1/10
A Bruising Cruise
22 August 2006
Tom Berenger must have been desperate for work when he signed on for this embarrassment of a film. It has the feel and tone of the kind of made for television movie you might watch out of sheer boredom and exhaustion on a Sunday afternoon when you're too tired either to locate the remote or to fire a bullet at the television screen. The acting is wooden and unnatural, and the music, which is supposed to be awesome, sounds curiously like a bad rip-off of Springsteen, even though the flashbacks in the film are set, for the most part, in 1963, when NOTHING sounded like Springsteen. Worse yet, the sets do not look at all like anything reminiscent of "1963." This is very clearly a cheap production, doomed from the start by an awful script, terrible acting, and a devil may care attitude about capturing the feeling of an era. Here's the premise of the film: years after Eddie, the tempestuous and dumb (can he spell Rimbaud?) lead singer of the Cruisers, has disappeared (he died in a car accident, but his body was never recovered), a reporter decides to write a story about the band.
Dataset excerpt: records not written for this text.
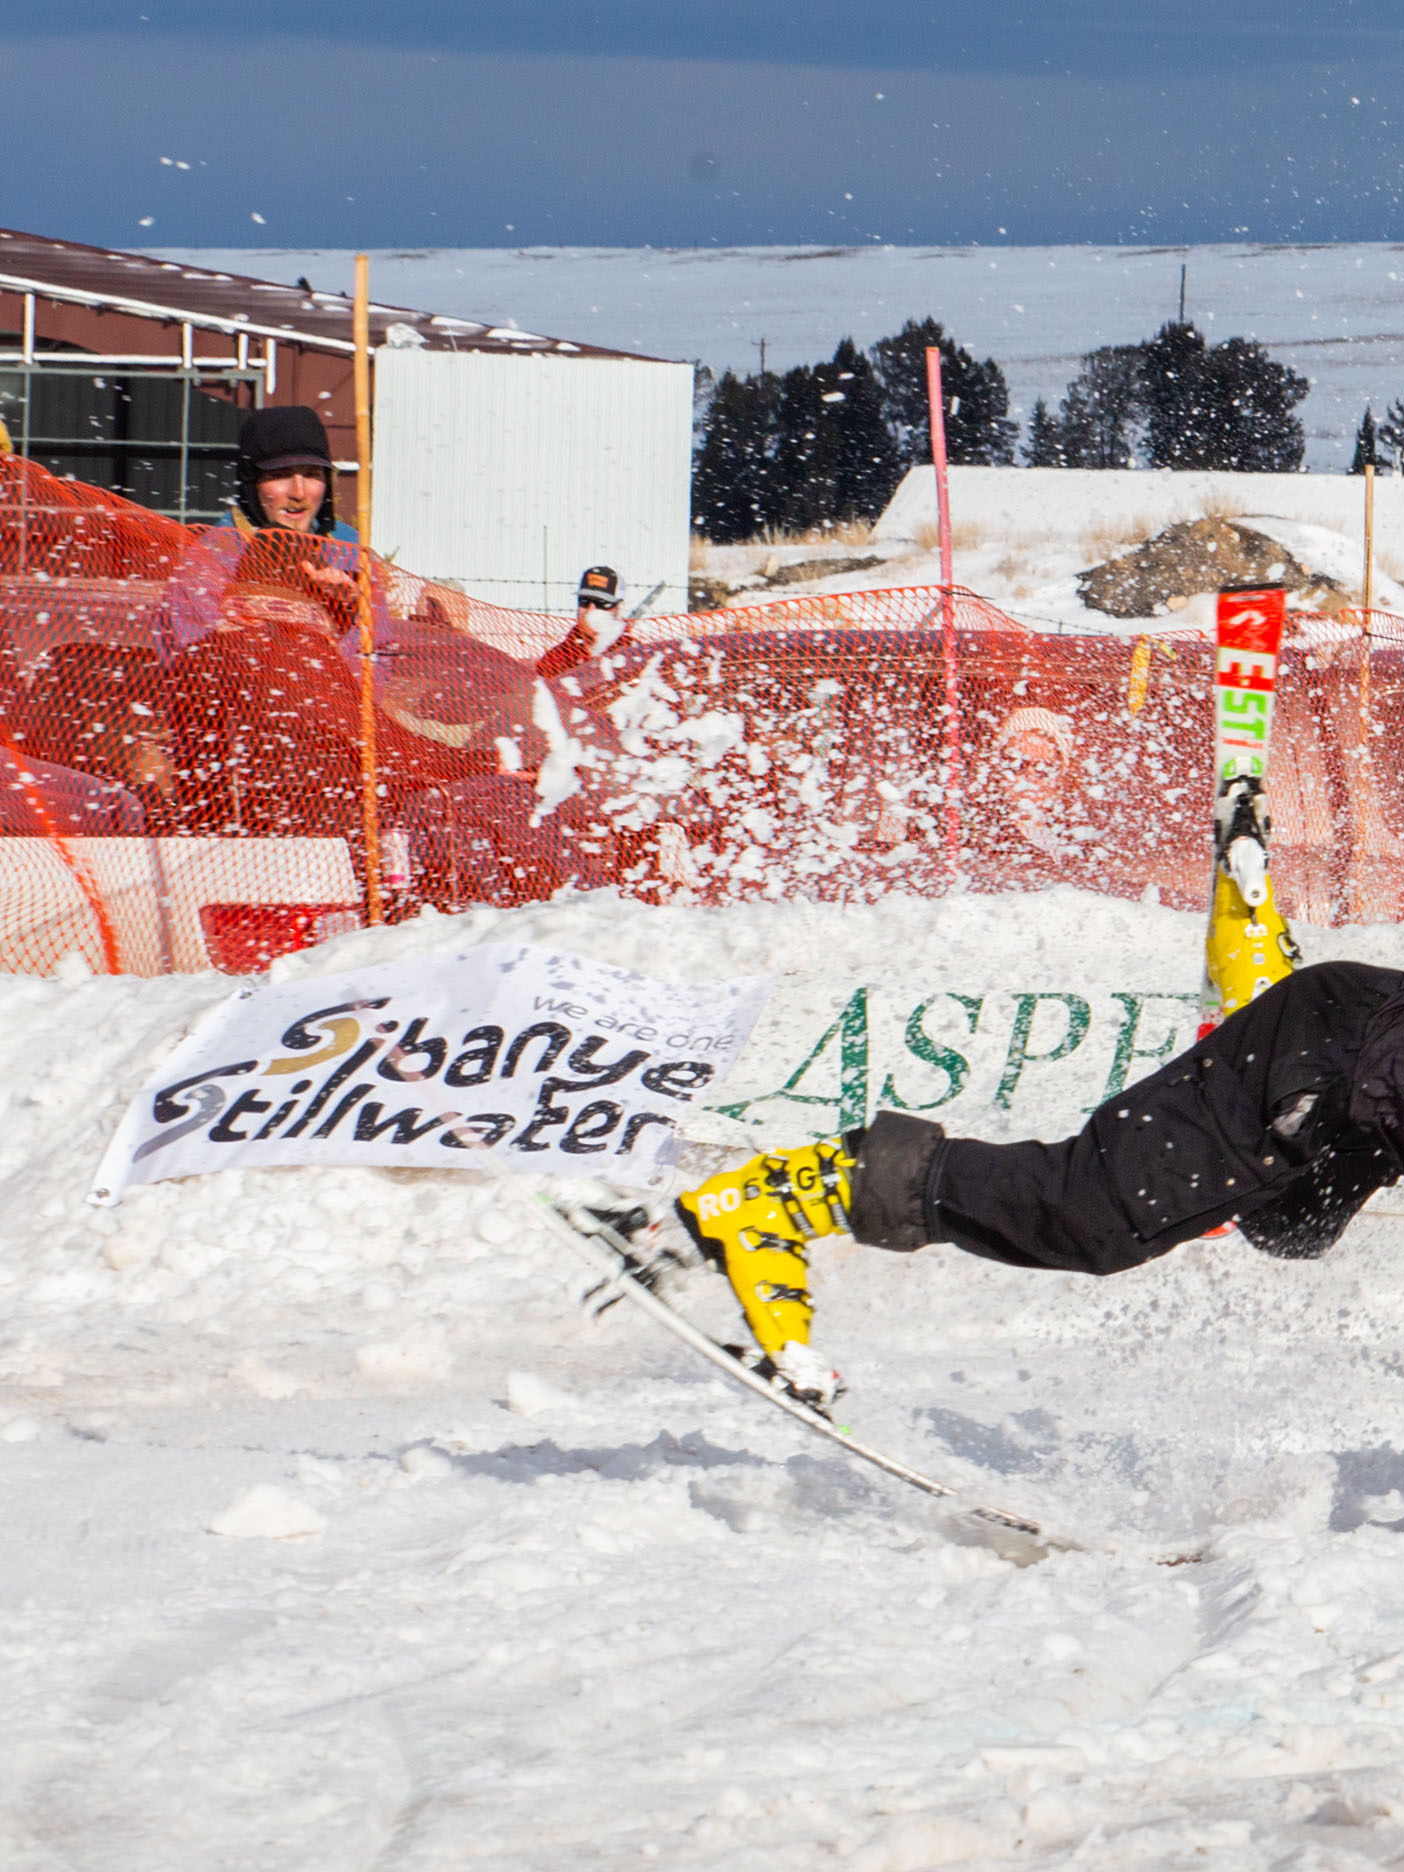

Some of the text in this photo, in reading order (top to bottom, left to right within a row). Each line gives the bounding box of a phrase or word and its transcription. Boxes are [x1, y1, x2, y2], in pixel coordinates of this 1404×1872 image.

[262, 996, 716, 1101] Sibanye
[533, 996, 735, 1051] we are one
[702, 987, 1202, 1138] ASPE
[132, 1058, 678, 1164] Stillwater
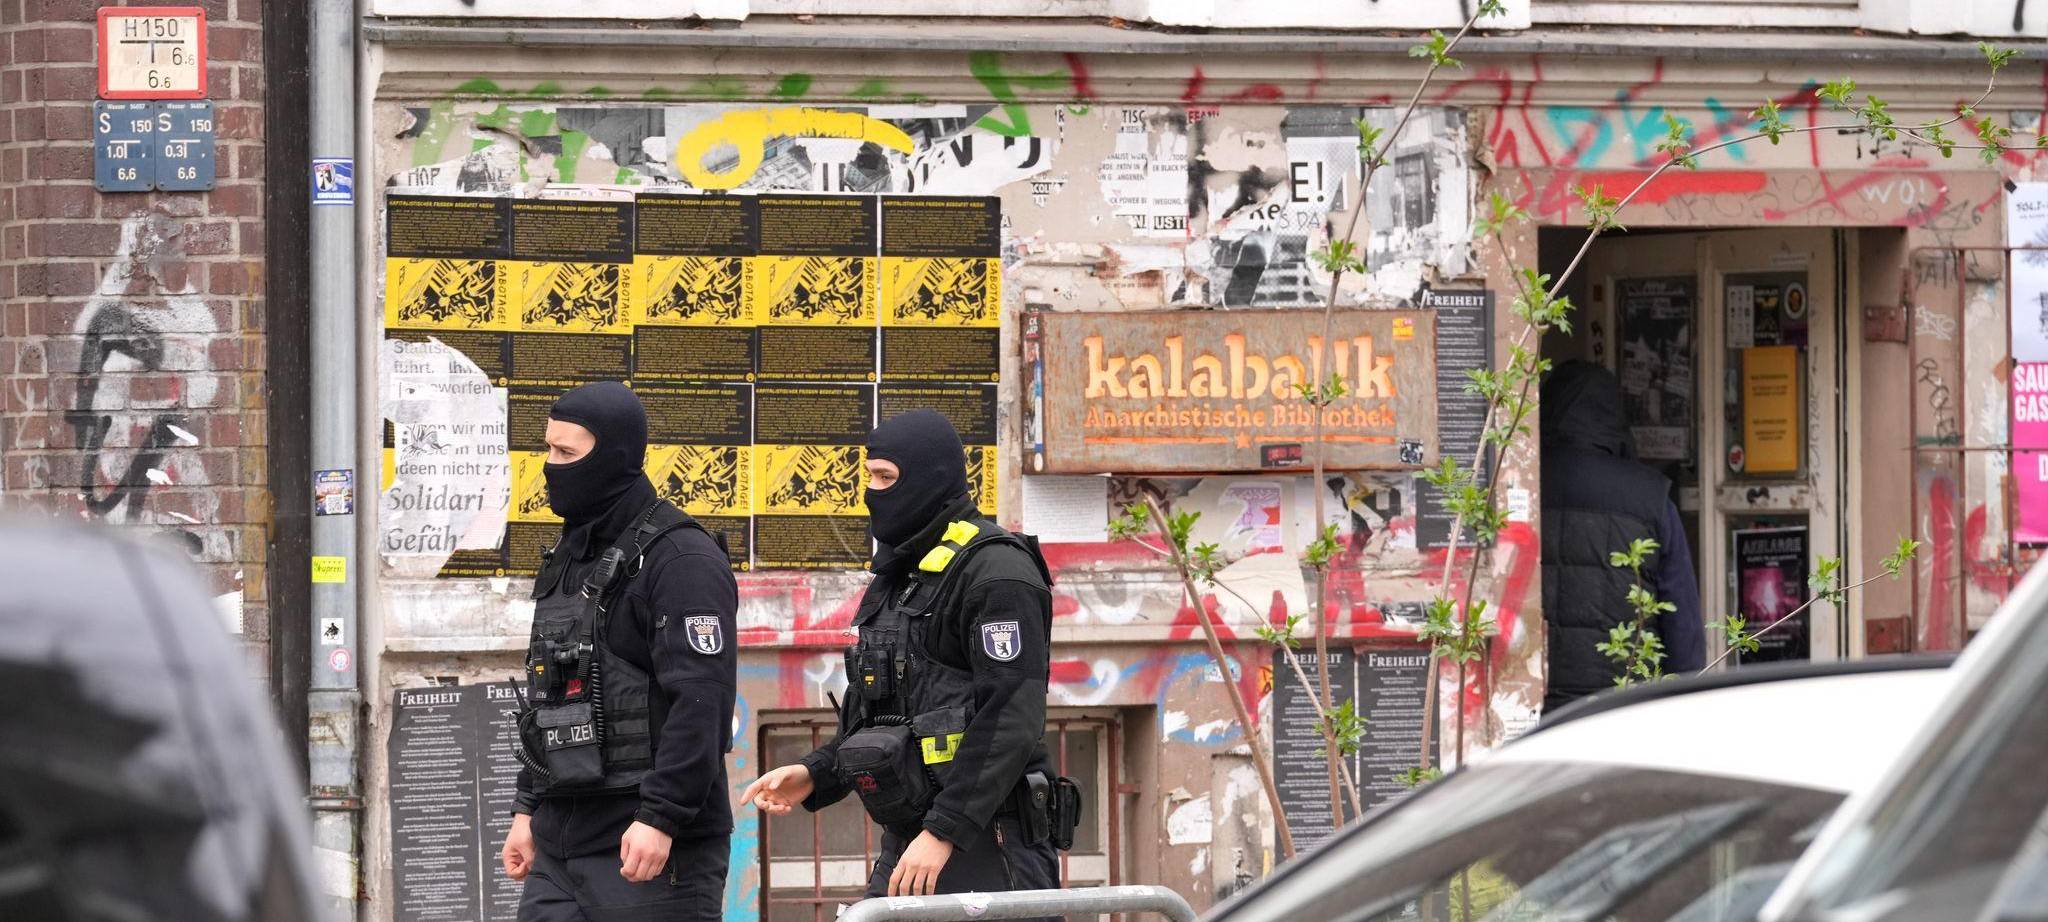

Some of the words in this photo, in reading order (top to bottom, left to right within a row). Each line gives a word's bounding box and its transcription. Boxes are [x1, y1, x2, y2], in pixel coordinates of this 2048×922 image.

[125, 18, 178, 38] H150
[99, 112, 111, 133] S
[130, 120, 152, 133] 150
[158, 112, 172, 132] S
[190, 120, 212, 132] 150
[1426, 291, 1485, 307] FREIHEIT
[1084, 404, 1266, 428] Anarchistische
[1272, 403, 1396, 428] Bibliothek
[452, 421, 476, 435] wir
[481, 421, 505, 435] mit
[443, 461, 481, 475] nicht
[389, 484, 485, 511] Solidari
[388, 523, 462, 553] Gefäh
[687, 617, 719, 627] POLIZEI
[985, 624, 1016, 634] POLIZEI
[1368, 653, 1428, 668] FREIHEIT
[400, 691, 462, 706] FREIHEIT
[486, 685, 528, 700] FREIH
[547, 724, 593, 746] POIZEI
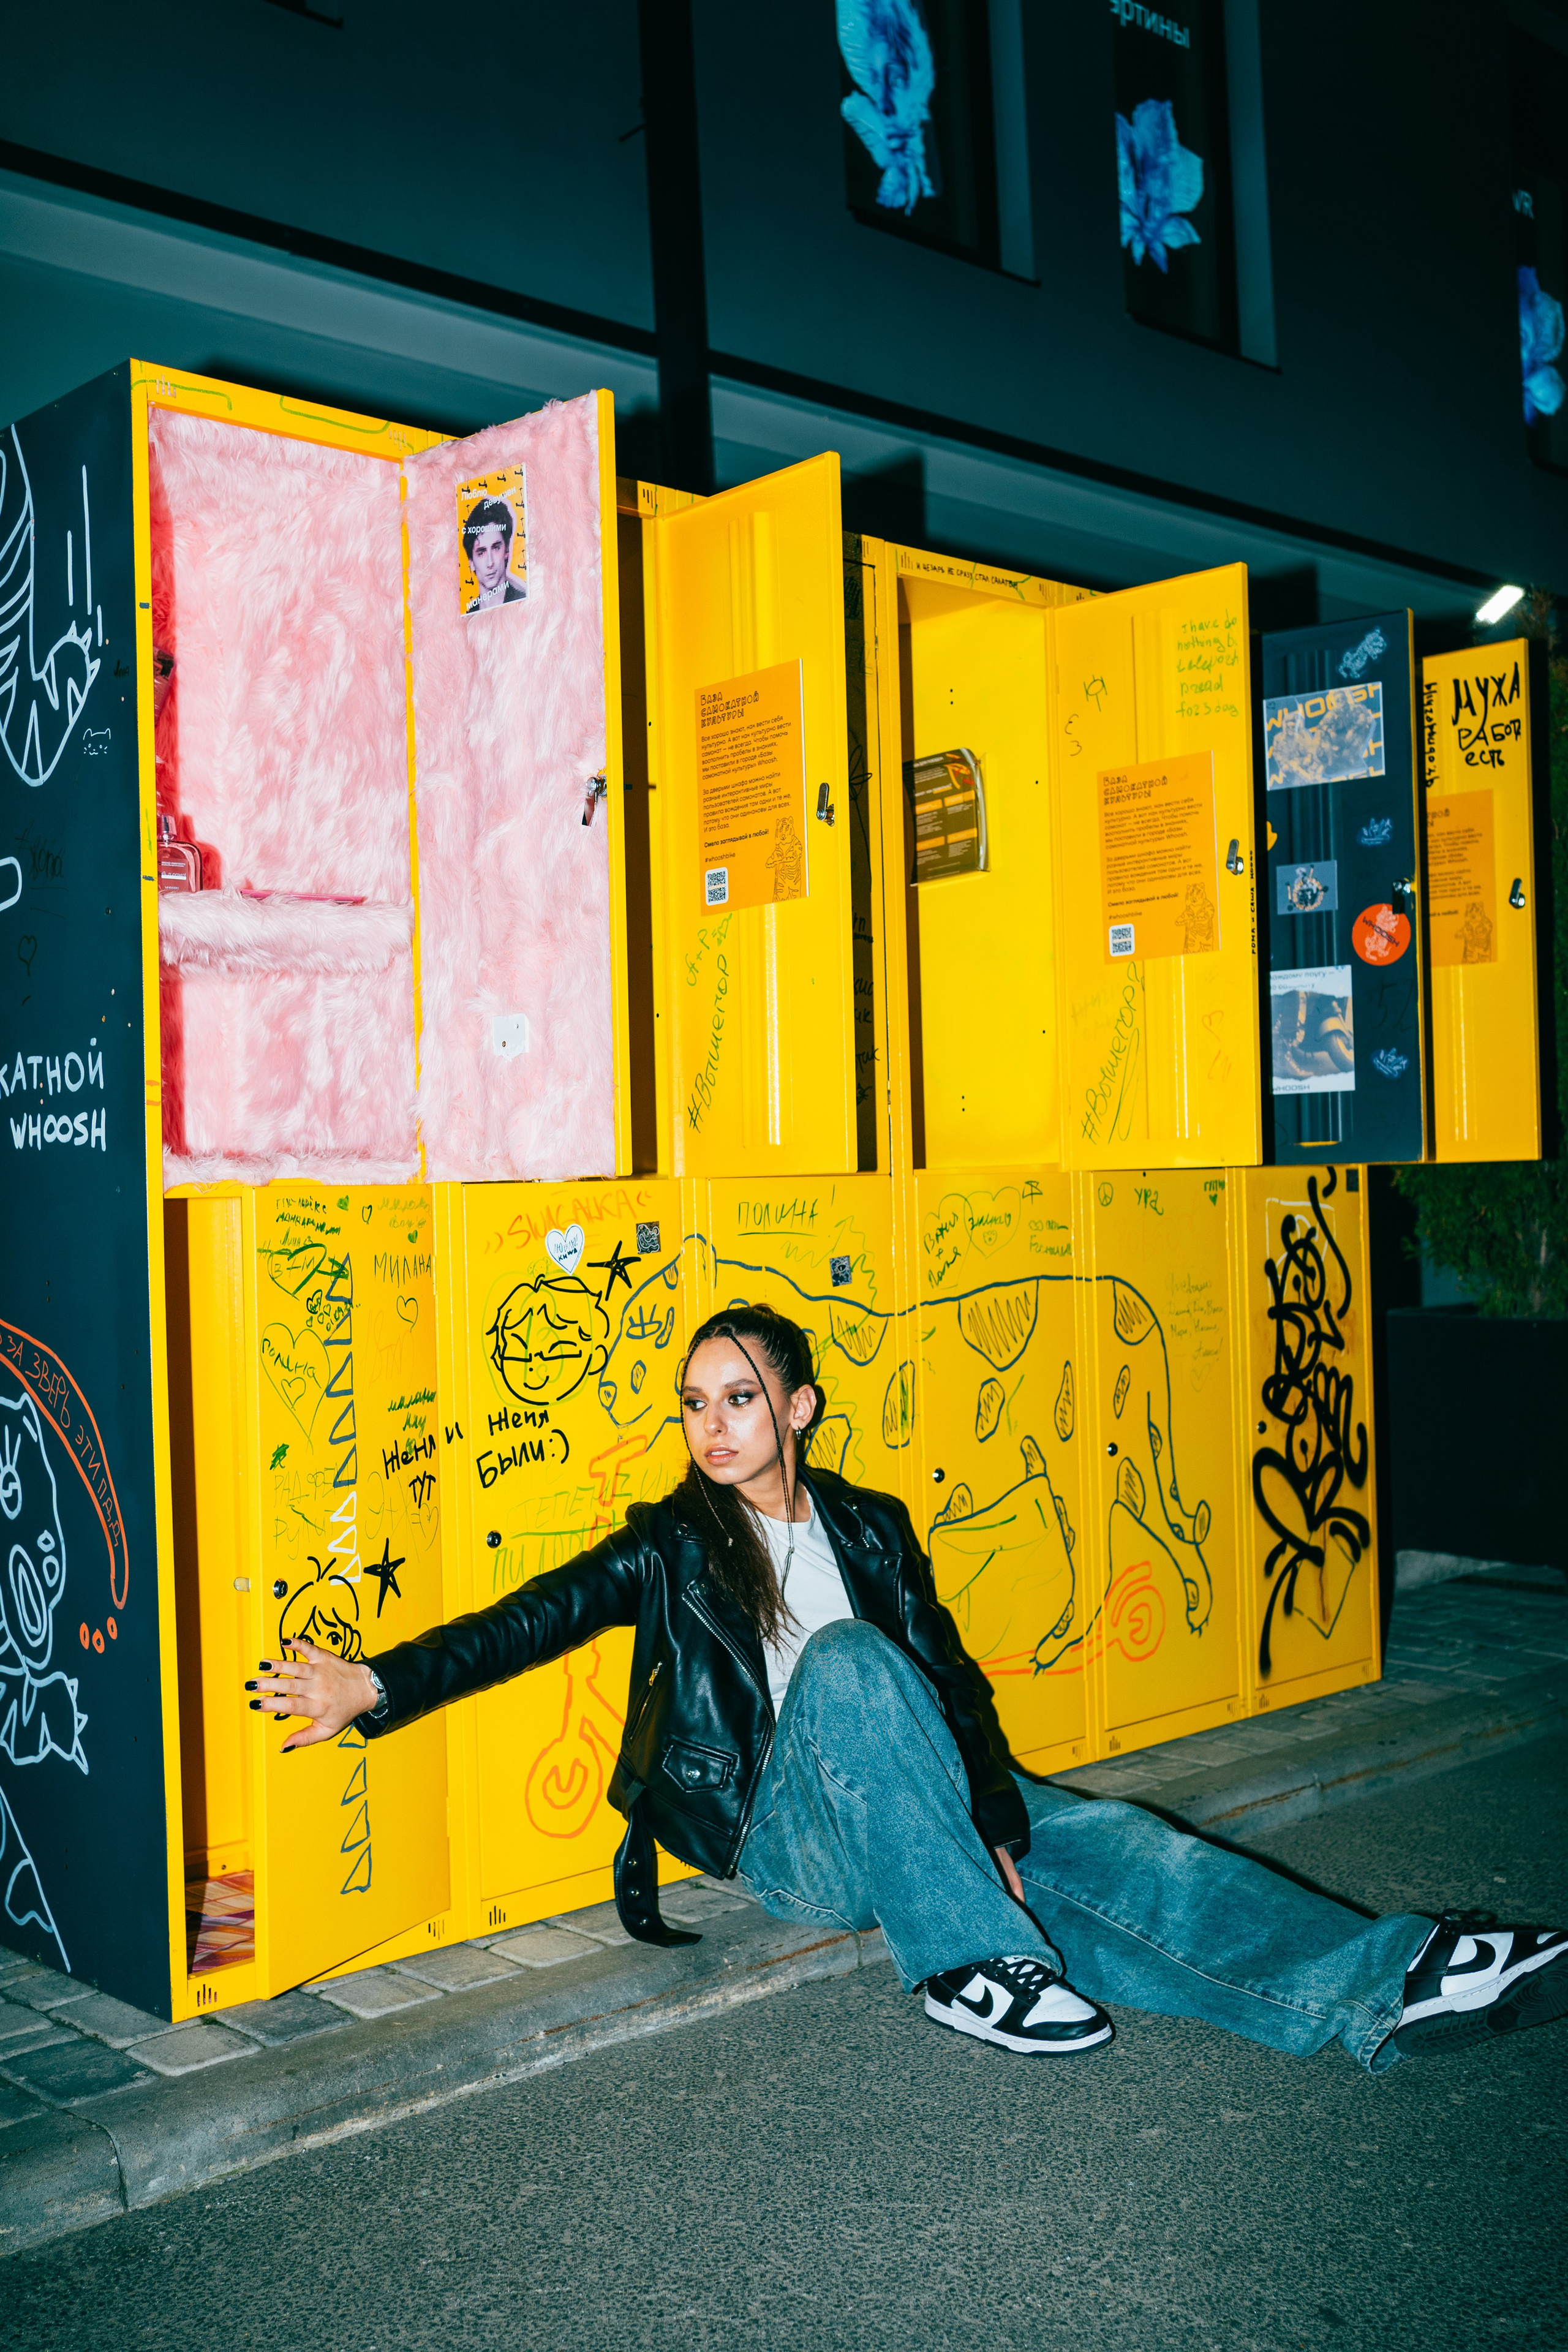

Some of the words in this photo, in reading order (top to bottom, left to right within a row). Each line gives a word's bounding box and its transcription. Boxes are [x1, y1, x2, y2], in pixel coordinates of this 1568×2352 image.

She has a theory that Eddie is still alive and believes that the band may be on the verge of a renaissance, if the missing final recordings, named A Season in Hell, can be located. She forces her presence into the lives of the remaining band members, who are, by the way, dull as dirt, to piece together the band's history. This reporter is so creepy and annoying that she'd probably have a restraining order slapped on her, nowadays. Ironically enough, A Season in Hell describes the viewing experience quite accurately.